The project is due to be completed in September 2018, with 28 turbines able to power 41,600 Canberra homes. Mr. Corkwell said the farm would be paid $86.60/MWh for the energy it feeds into the grid, which he said was a record low for New South Wales wind farms. The other successful bidder was the Hornsdale Wind Farm, which is being built by Neone International SAS and Megawatt Capital north of Adelaide.
The Hornsdale project has already been successful in the 1st and 2nd rounds of ACT wind auctions and they are building the capacity for 309 megawatts in total. So, this means that the South Australian project will provide a large chunk of ACTY’s renewable energy by the year 2020. A third stage of the development for the Hornsdale farm will see it with enough energy to power a further 56,000 homes in Canberra at a fixed 20-year price to the government of $73/megawatt-hour.
These two wind farms will lift the renewable energy percentage to 100% by 2020 and secure the achievement of the emission reduction goals in that year.
The New South Wales Government said the $200 million Crookwell wind farm would directly support 80 construction jobs and 14 ongoing operational jobs. The Crookwell farm is the second New South Wales wind farm to win the feed-in tariff from ACTY. The other, the Sapphire Wind farm in New England, secured a 100-megawatt feed in tariff in March, and is expected to begin construction this year.
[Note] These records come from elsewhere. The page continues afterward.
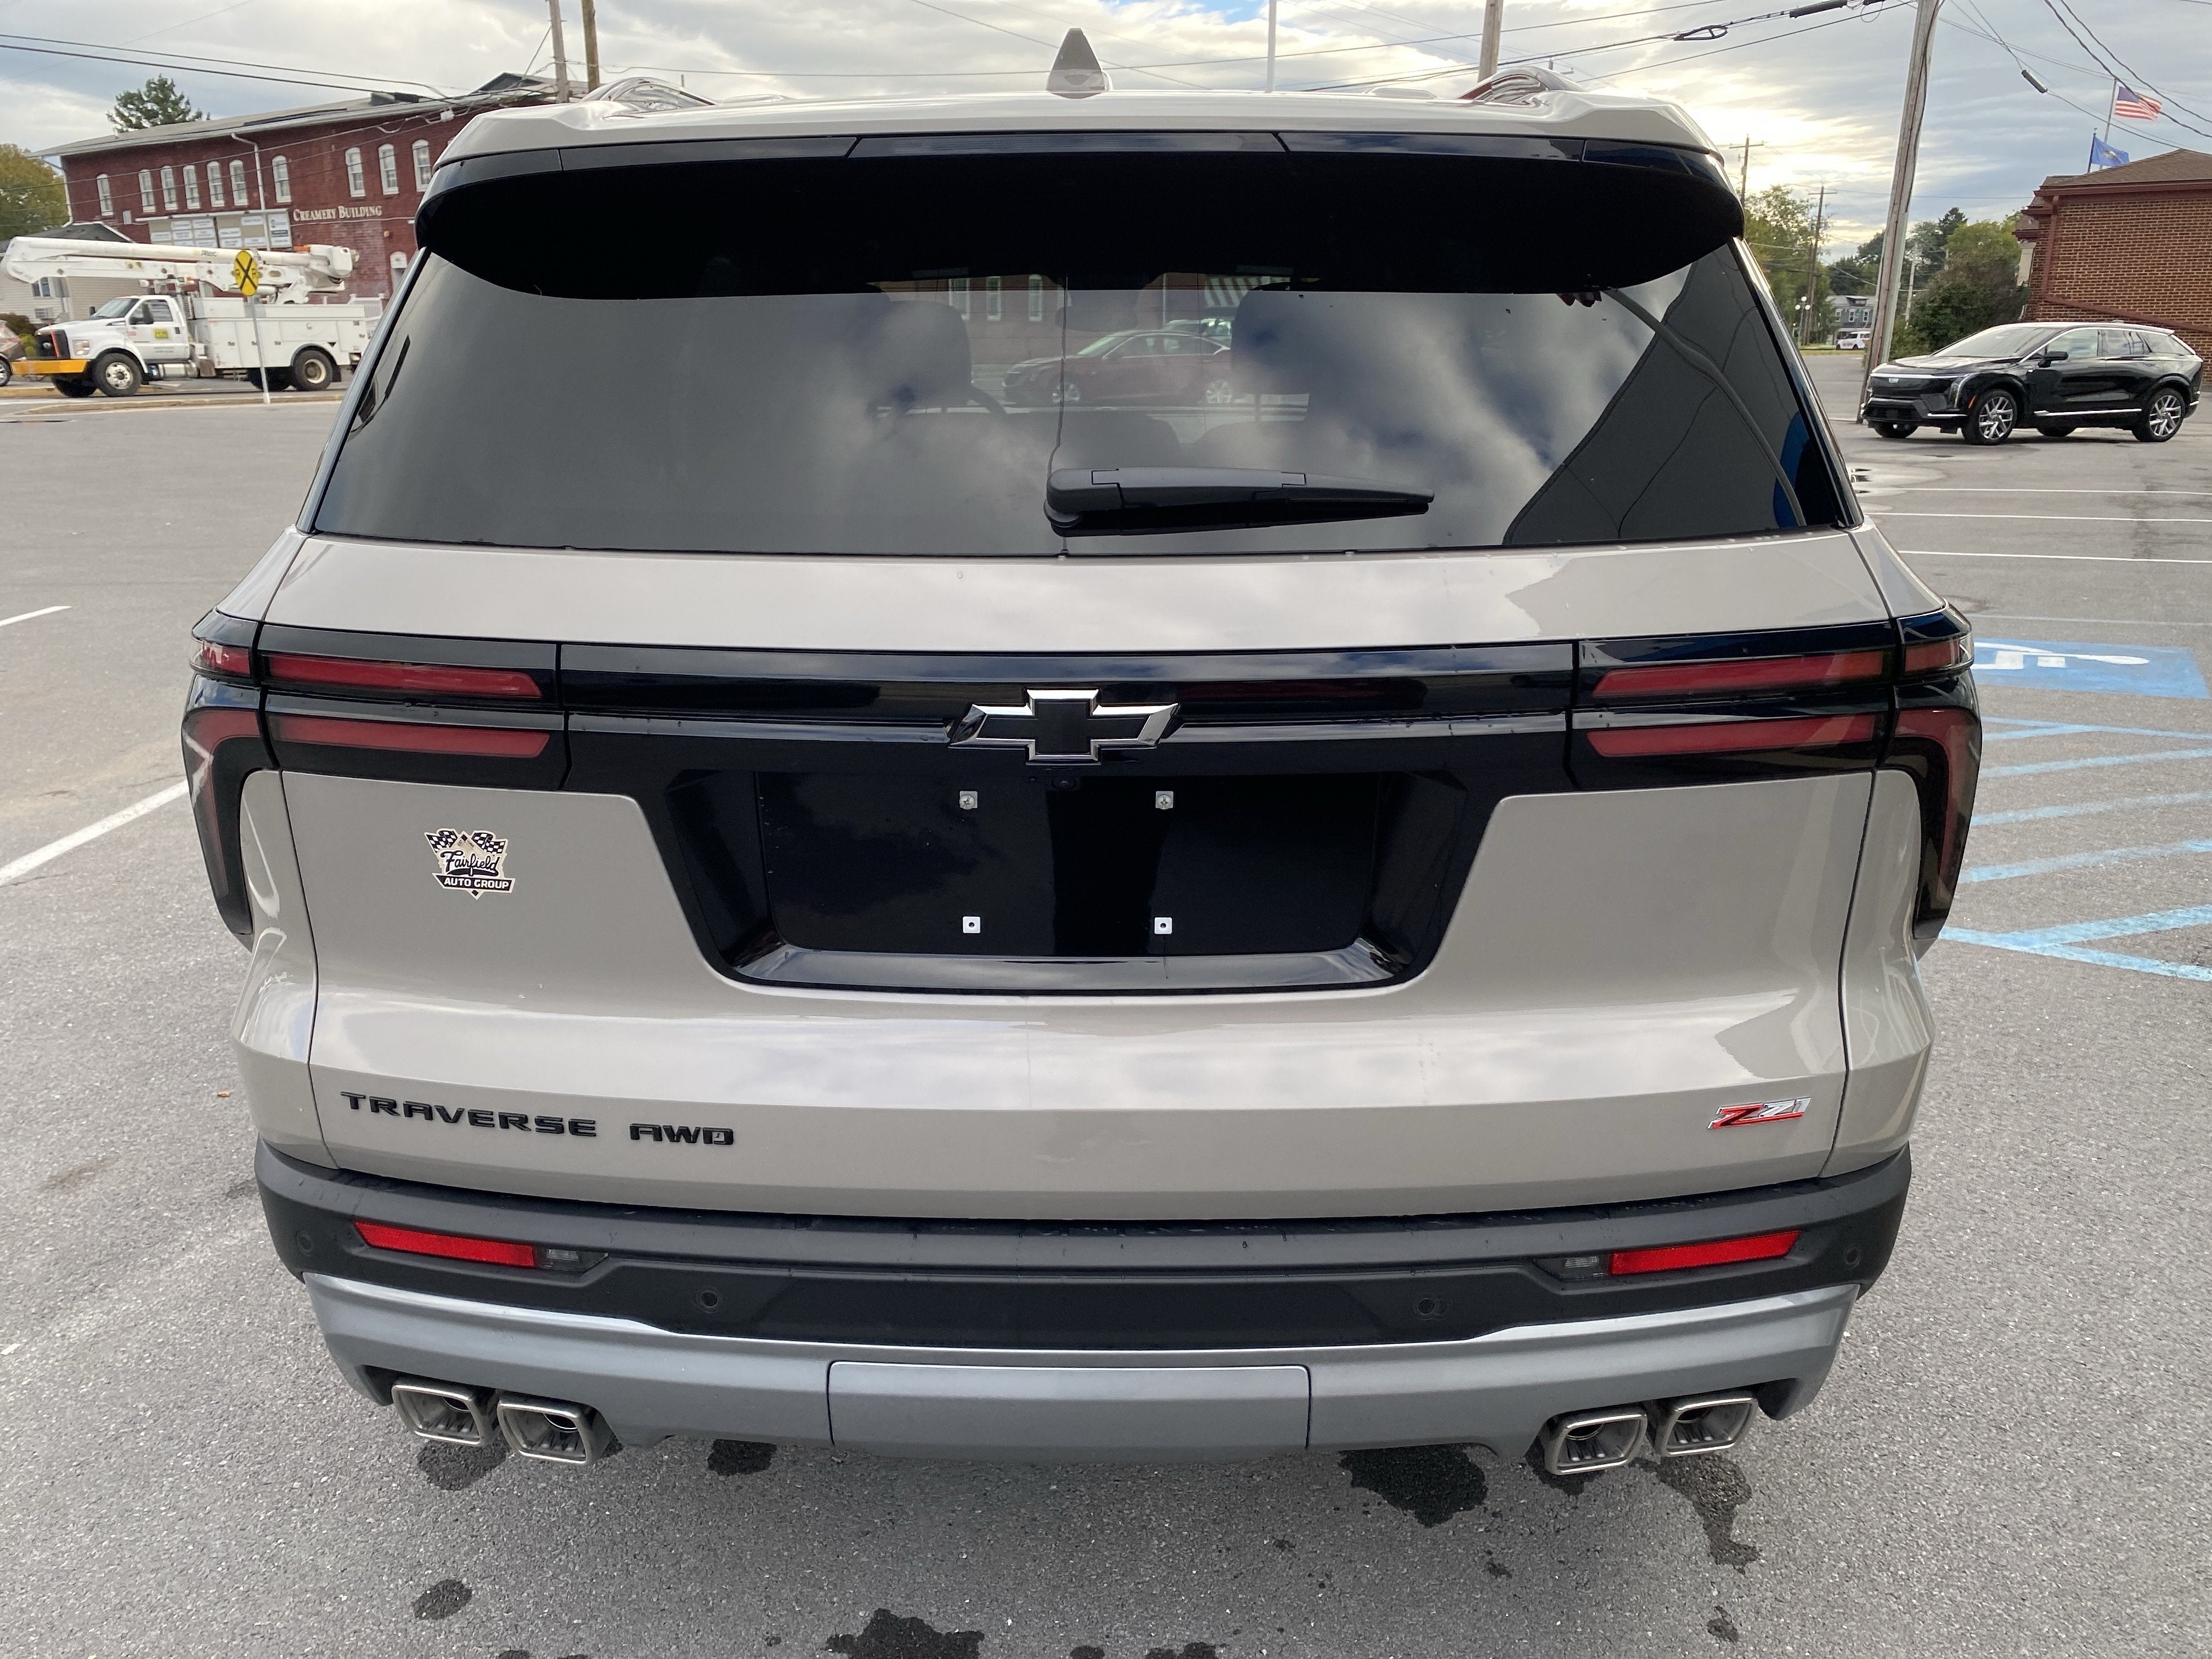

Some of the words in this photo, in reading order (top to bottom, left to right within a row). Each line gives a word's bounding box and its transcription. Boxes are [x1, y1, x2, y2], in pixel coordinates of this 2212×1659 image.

[337, 205, 382, 218] BUILDING
[440, 850, 500, 873] Fairfield
[444, 877, 471, 887] AUTO
[473, 879, 509, 889] GROUP
[340, 1091, 597, 1137] TRAVERSE
[629, 1122, 734, 1146] AWD
Earlier this year, there was a report that the move to 100% renewable will cost ACT taxpayers an extra $117 million per year in 2020 when Canberra is expected to use about 3 million megawatt hours. The average household will spend roughly $290 extra every year in 2020, based on renewable costing about 40-megawatt hour more than non-renewable sources. Mr. Corbell said that those costs will be offset by other government programs, reducing Canberra’s household demand for energy.